Exercise brief: For any picture in the lines below, please leave it out and copy the rest exactly.

Input:
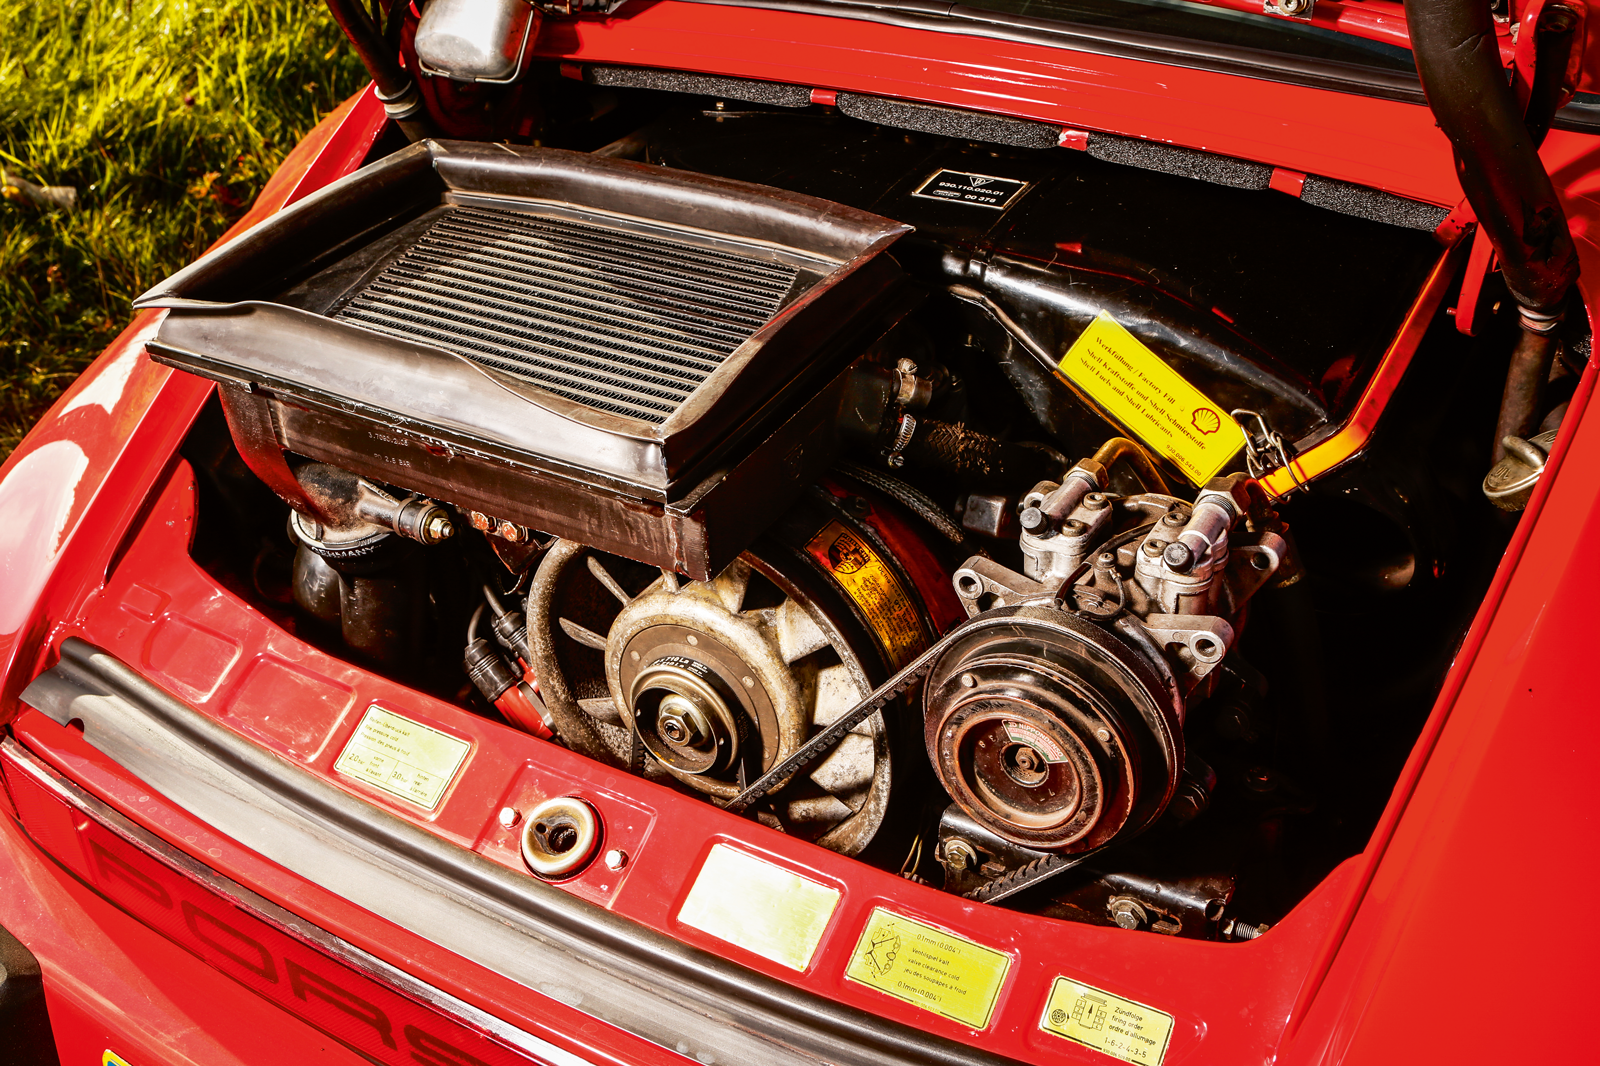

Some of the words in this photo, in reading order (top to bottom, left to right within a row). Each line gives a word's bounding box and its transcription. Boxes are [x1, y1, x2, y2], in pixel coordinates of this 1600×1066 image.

[1096, 337, 1133, 371] Werkfüllung
[1138, 372, 1161, 393] Factory
[1163, 393, 1175, 404] Fill
[1081, 358, 1095, 372] Shell
[1095, 371, 1111, 386] Fuels
[1112, 387, 1125, 396] and
[1126, 395, 1141, 410] Shell
[1141, 408, 1172, 437] Lubricants
[1087, 349, 1103, 363] Shell
[1103, 362, 1135, 390] Kraftstoffe
[1136, 390, 1149, 401] und
[1150, 400, 1165, 415] Shell
[1167, 414, 1205, 449] Schmierstoffe
[373, 729, 389, 738] pressure
[1018, 722, 1063, 757] NIPPONDENSO
[912, 948, 938, 961] Ventilspiel
[922, 964, 947, 976] clearance
[903, 968, 912, 976] jeu
[924, 976, 948, 988] soupapes
[954, 986, 966, 995] froid
[1114, 1007, 1143, 1021] Zündfolge
[1109, 1025, 1123, 1033] ordre
[1112, 1015, 1126, 1026] firing
[1128, 1021, 1144, 1031] order

Worked solution:
Some of the words in this photo, in reading order (top to bottom, left to right within a row). Each line gives a word's bounding box and its transcription. Boxes are [x1, y1, x2, y2], in pixel coordinates of this 1600×1066 image.

[1096, 337, 1133, 371] Werkfüllung
[1138, 372, 1161, 393] Factory
[1163, 393, 1175, 404] Fill
[1081, 358, 1095, 372] Shell
[1095, 371, 1111, 386] Fuels
[1112, 387, 1125, 396] and
[1126, 395, 1141, 410] Shell
[1141, 408, 1172, 437] Lubricants
[1087, 349, 1103, 363] Shell
[1103, 362, 1135, 390] Kraftstoffe
[1136, 390, 1149, 401] und
[1150, 400, 1165, 415] Shell
[1167, 414, 1205, 449] Schmierstoffe
[373, 729, 389, 738] pressure
[1018, 722, 1063, 757] NIPPONDENSO
[912, 948, 938, 961] Ventilspiel
[922, 964, 947, 976] clearance
[903, 968, 912, 976] jeu
[924, 976, 948, 988] soupapes
[954, 986, 966, 995] froid
[1114, 1007, 1143, 1021] Zündfolge
[1109, 1025, 1123, 1033] ordre
[1112, 1015, 1126, 1026] firing
[1128, 1021, 1144, 1031] order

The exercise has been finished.